Regularly, since now there was the possibility of meeting Bell as well as visiting the Old Bridge, Mr Pedigree rotated, day after day, through his own rounds of Greenfield. It was at this time that there was a curious kind of epidemic in the town. People only
thought of it as an epidemic when it was past its height and nearly over. Then they thought back, or some of them did and felt they knew where the blame was to be laid, right back, even to the first day, because the first day was so soon after Mr Pedigree met Bell on his latest emergence from retirement. It was a young woman seen, a white woman trotting from Pudding Lane into the High Street. She wore platform shoes and that made her trot even more comical than it might have been, because she was the sort of young woman who can only run with her hands up at either side and with her feet kicking out this way and that—a method of progress which allows of no acceleration. Her mouth was open and she was saying “Help, help, oh help!” in a die-away voice almost as though she was talking to herself. But then she found a pram by a shop with a baby in it and that seemed to quieten her because after she had examined the baby and jogged the pram for a bit she wheeled it away without saying anything, only looking round her nervously or perhaps sheepishly. The same day Sergeant Phillips had a real cause to look sheepish because he found a pram with a baby in it outside Goodchild’s Rare Books and neither Sim Goodchild nor his wife Ruth had any idea of how it got there. So Inspector Phillips had to push the pram all the way up the High Street to his car and then radio a description. The mother was soon identified and had left the pram complete with baby outside the Old Supermarket next door to the Old Corn Exchange. There were a few days then and it started all over again. But for a month maybe, prams were moved as if someone was trying to draw attention to himself and using this as a kind of sign language.
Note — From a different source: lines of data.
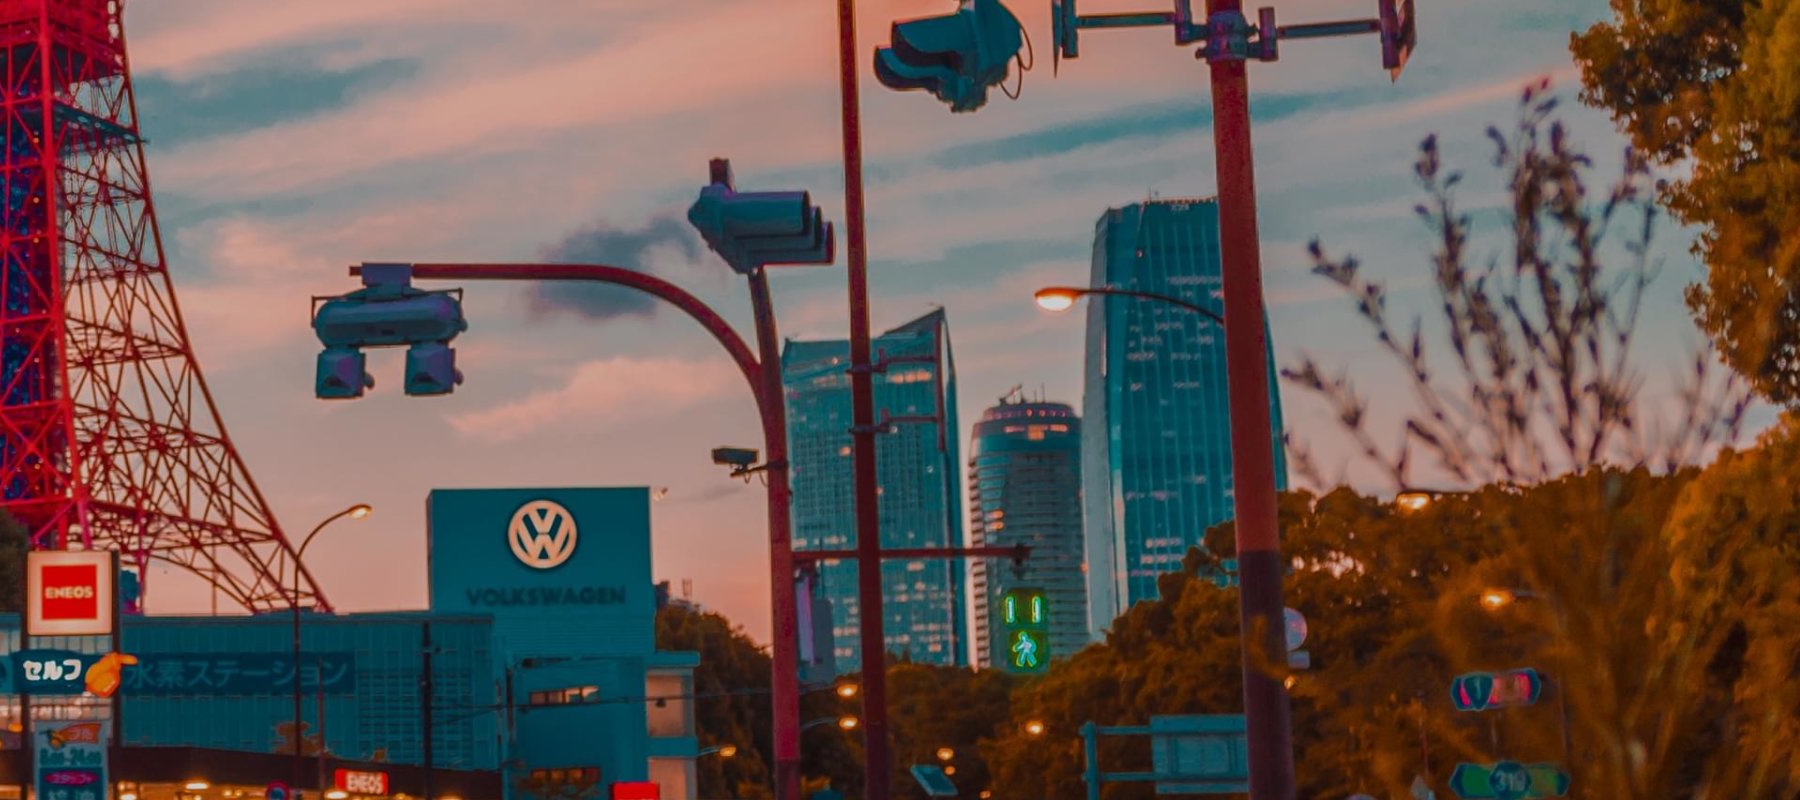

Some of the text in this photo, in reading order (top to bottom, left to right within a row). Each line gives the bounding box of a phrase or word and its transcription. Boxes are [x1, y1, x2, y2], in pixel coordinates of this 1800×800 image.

[45, 585, 94, 599] ENEOS
[465, 585, 627, 607] VOLKSWAGEN
[23, 659, 81, 681] セルフ
[126, 660, 348, 688] 水素ステーション
[347, 771, 383, 794] ENEOS
Mr Pedigree was watched; and though he was never caught at it, the pram-shifting stopped and that month simply became the one people remembered when you couldn’t leave a pram unattended. They forgot a rather nasty confrontation between Mr Pedigree (entering the Old Supermarket in search of cereal and carrying the minute pot of Gentleman’s Relish he had obtained from George’s Superior Emporium) and some ladies who saw him threading his diffident way between the prams that were parked outside like boats moored at a landing stage. As Mrs Allenby remarked to Mrs Appleby over coffee when they discussed the affair in the Taj Mahal Coffee Shop, it was lucky for Mr Pedigree this was England. Of course she did not call him Mr Pedigree but that ghastly old creature.